Third Sunday in Lent

Grace be to you and peace from God our Father and the Lord and Savior Jesus Christ. Amen.

Modern life seems to move at full speed. Many of us can hardly catch our breath between the demands of earning a living, nurturing family and friendships, and the hundreds of daily details like paying bills, cleaning the house, shopping for groceries, going to appointments, etc. More and more we feel stretched thin by commitment. We lament our busyness but have no clear sense of the alternative.

It’s challenging to know where to begin in dismantling this way of living. We may have people who depend on us, like children or parents. We may be terrified of slowing down and really listening to our lives. And yet, so many of us are exhausted and depleted.

Author Cole Arthur Riley ponders the way our society allots dignity dependent on a person’s usefulness. She writes:

In our societies and communities […] you are no longer in the image of God, you are currency. We cannot help but entwine our concept of dignity with how much a person can do. The sick, the elderly, the disabled, the neurodivergent, my sweet cousin on the autism spectrum – we tend to assign a lesser social value to those whose “doing” cannot be enslaved to a given output. We should look to them as sacred guides out of the bondage of productivity.”

Rest, slowness, pausing are not a reward for good work but pathways to liberation of body and soul, They are an interruption of the system that would exploit our labor until we can work no longer, treating us, like Riley says, as currency. She points to those who are unable to “do” in a productive, capitalistic sense as sacred guides toward a liberation and restfulness that God has in mind for all creatures.

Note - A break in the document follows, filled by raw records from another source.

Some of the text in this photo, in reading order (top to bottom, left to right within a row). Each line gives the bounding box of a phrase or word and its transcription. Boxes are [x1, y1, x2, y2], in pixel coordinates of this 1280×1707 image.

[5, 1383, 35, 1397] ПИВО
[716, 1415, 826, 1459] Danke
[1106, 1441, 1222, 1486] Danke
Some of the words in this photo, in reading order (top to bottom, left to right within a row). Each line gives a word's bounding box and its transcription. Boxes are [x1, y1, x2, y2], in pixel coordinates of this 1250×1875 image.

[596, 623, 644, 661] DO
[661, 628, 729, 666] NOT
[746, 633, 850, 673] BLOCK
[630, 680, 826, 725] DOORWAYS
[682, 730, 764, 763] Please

How can we practice restfulness in our daily lives, especially if going away on a retreat is not among our options? Where can we find opportunities for breathing spaces and slowness within our days?

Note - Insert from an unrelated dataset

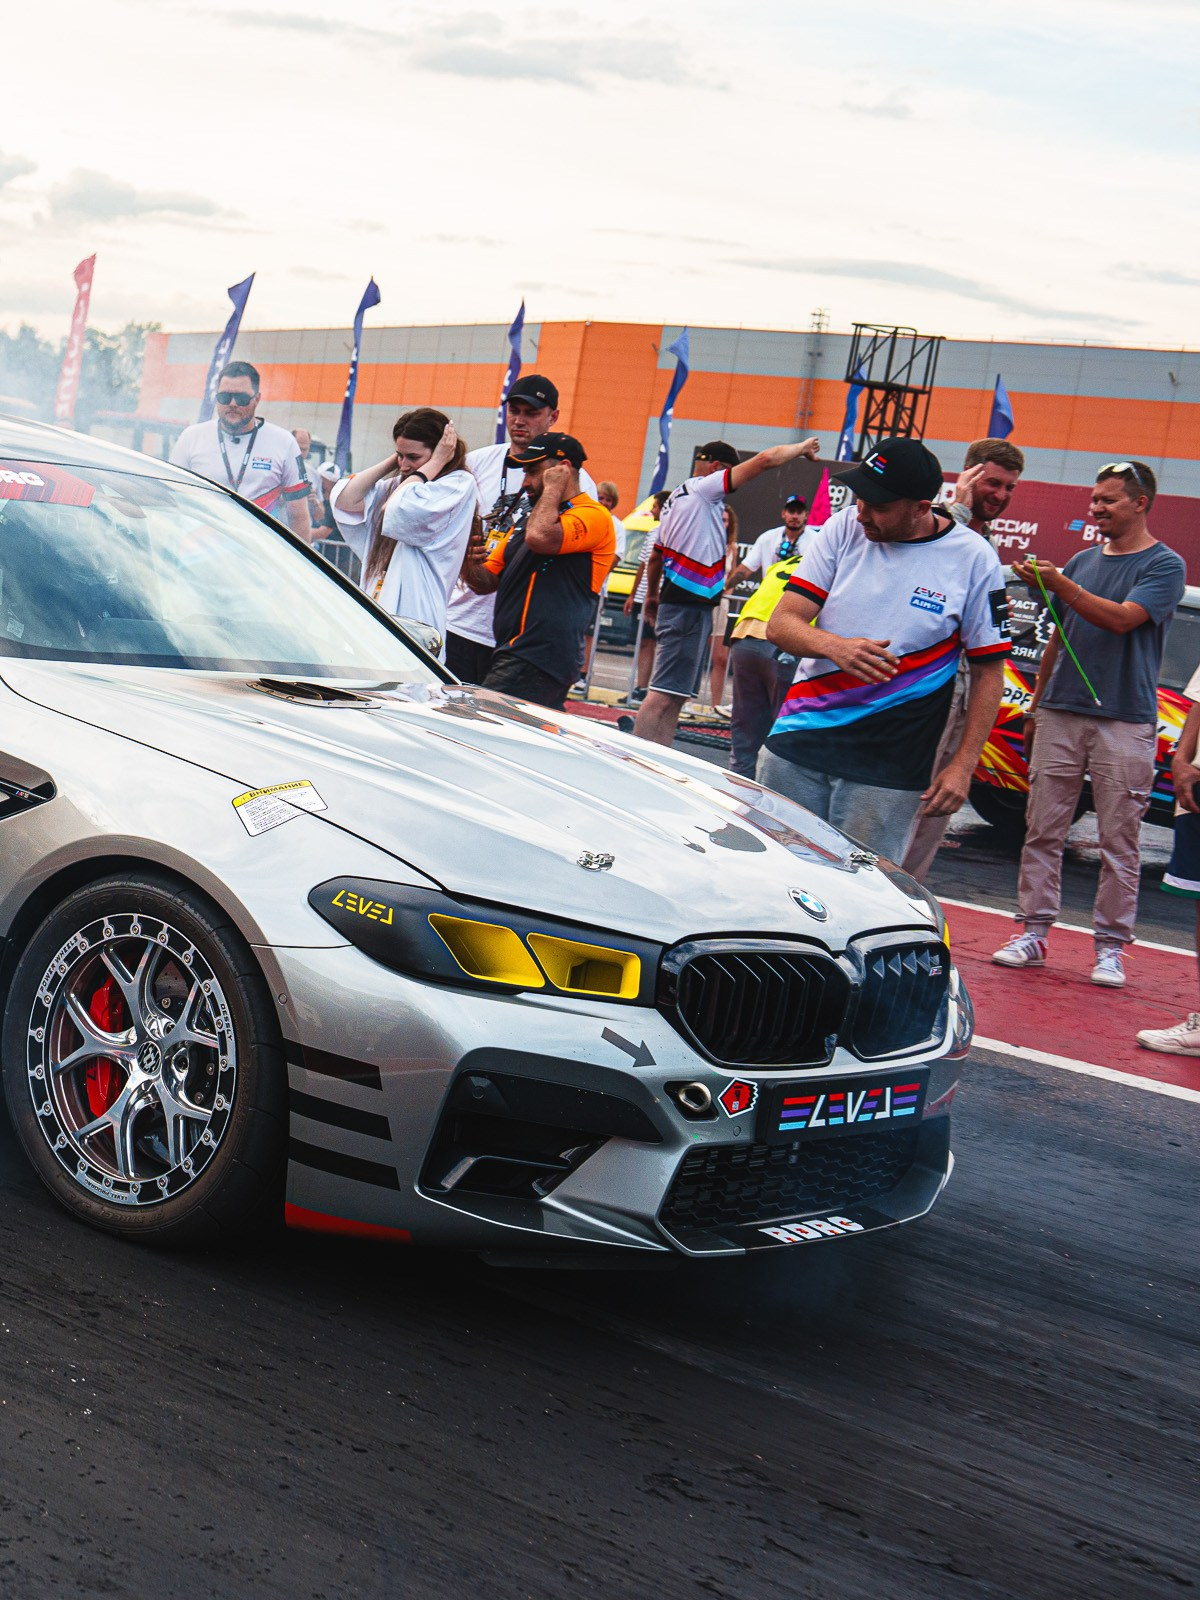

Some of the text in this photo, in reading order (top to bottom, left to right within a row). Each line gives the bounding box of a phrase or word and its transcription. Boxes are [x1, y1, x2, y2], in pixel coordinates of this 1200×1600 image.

The monastic tradition invites us into the practice of stopping one thing before beginning another. This acknowledges that the space of transition and threshold is a sacred dimension full of possibility.

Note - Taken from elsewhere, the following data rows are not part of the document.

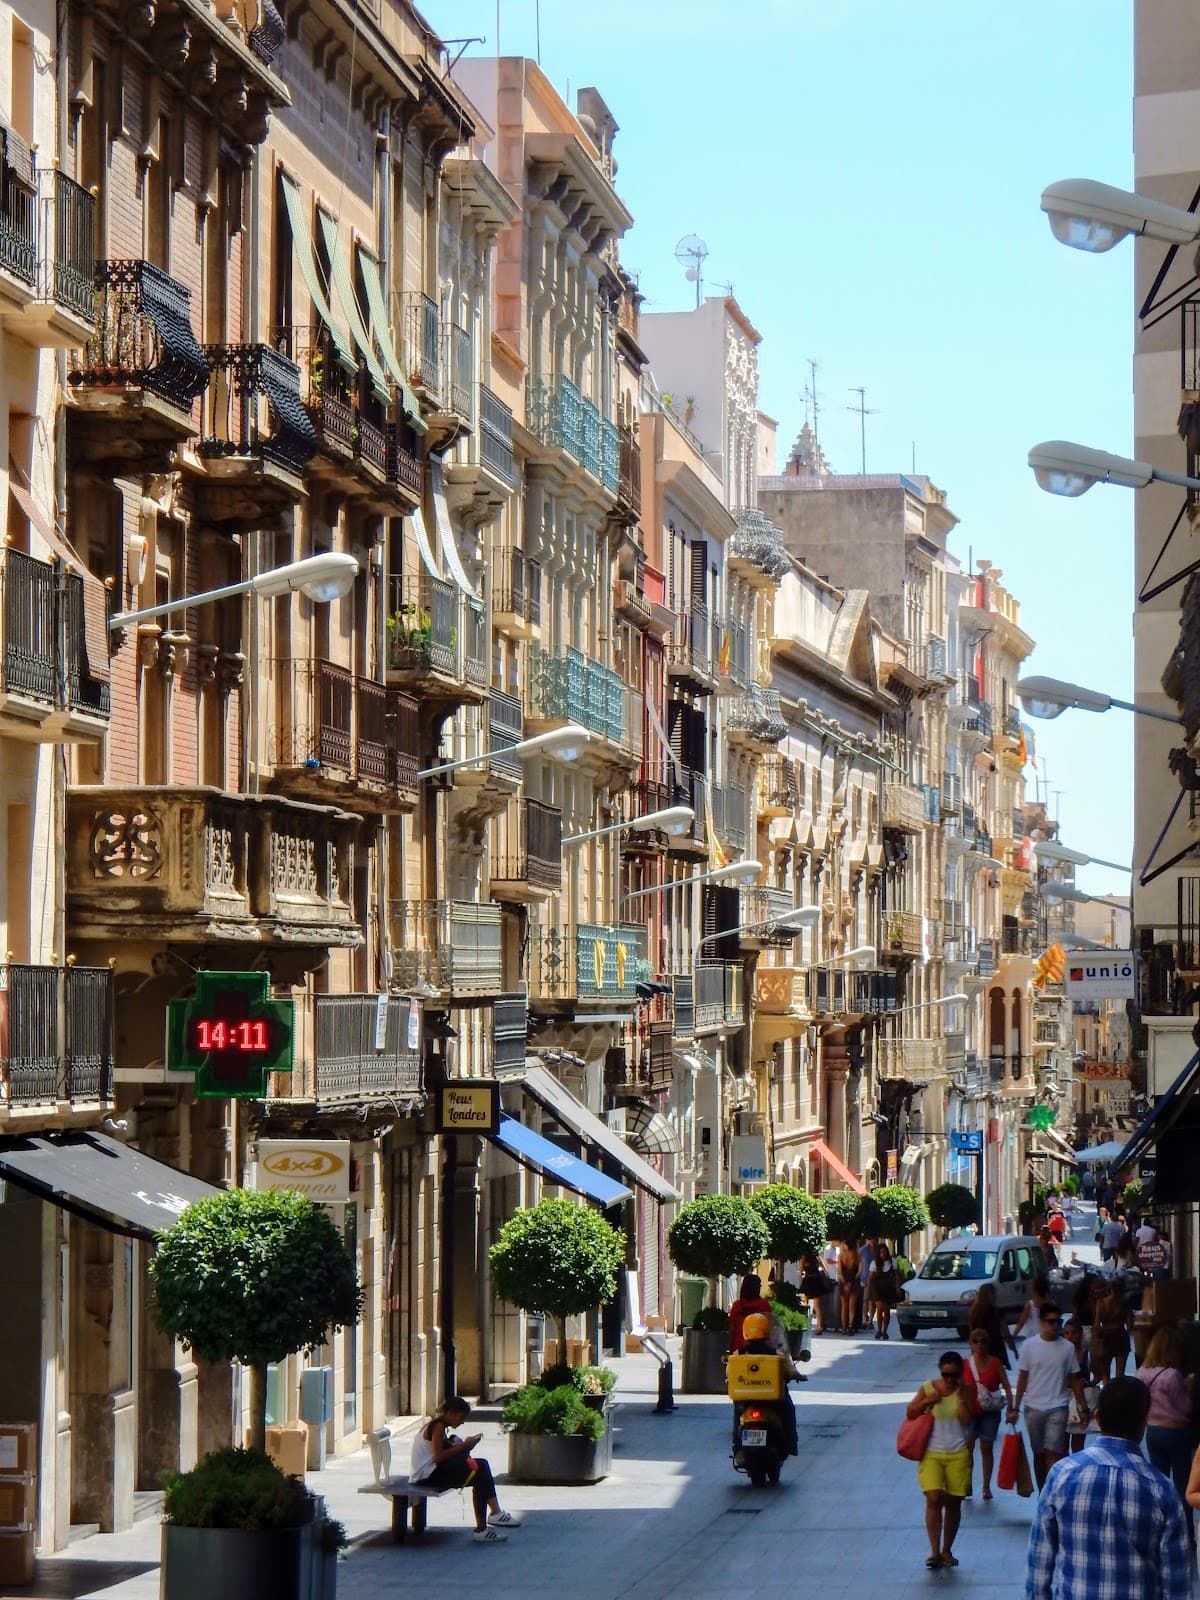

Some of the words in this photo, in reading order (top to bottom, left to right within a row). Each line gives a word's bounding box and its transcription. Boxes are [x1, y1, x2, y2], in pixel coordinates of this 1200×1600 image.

[1086, 963, 1132, 976] unió
[197, 1021, 266, 1049] 14:11
[449, 1091, 472, 1105] Reus
[449, 1107, 486, 1124] Londres
[271, 1157, 324, 1171] 4x4

Maybe we can allow just a five-minute window to sit in silence between appointments? Or, after finishing a phone call or checking our email, we just take five long, slow, deep breaths before turning to the next thing.

When we pause between activities in our day, we open ourselves to the possibility of discovering a new kind of presence to the in-between times. When we rush from one thing to another, we skim over the surface of life, losing that sacred attentiveness that brings forth revelations in the most ordinary moments.

The theologian Howard Thurman writes, “One could not begin the cultivation of the prayer life at a more practical point than deliberately to seek each day, and several times a day, a lull in the rhythm of daily doing, a period when nothing happens that demands active participation. […] the moment of holy pause, the point of rest, has its own magic.” No caffeinated drink, no sleep-deprivation technique can offer us the grace that a restful pause can.

In our daily lives, we are constantly crossing thresholds, both the physical kind when we go from one room into another, and the metaphorical kind when we go from one task to another. These threshold spaces invite us into stillness, invite us to let go of what came before and prepare ourselves to enter fully into what comes next.

The holy pause calls us to a sense of reverence for slowness, for mindfulness, and for the fertile dark spaces between our goals where we can pause and center ourselves and listen. We can open up a space within for God to work. We can become fully conscious of what we are about to do rather than mindlessly completing another task.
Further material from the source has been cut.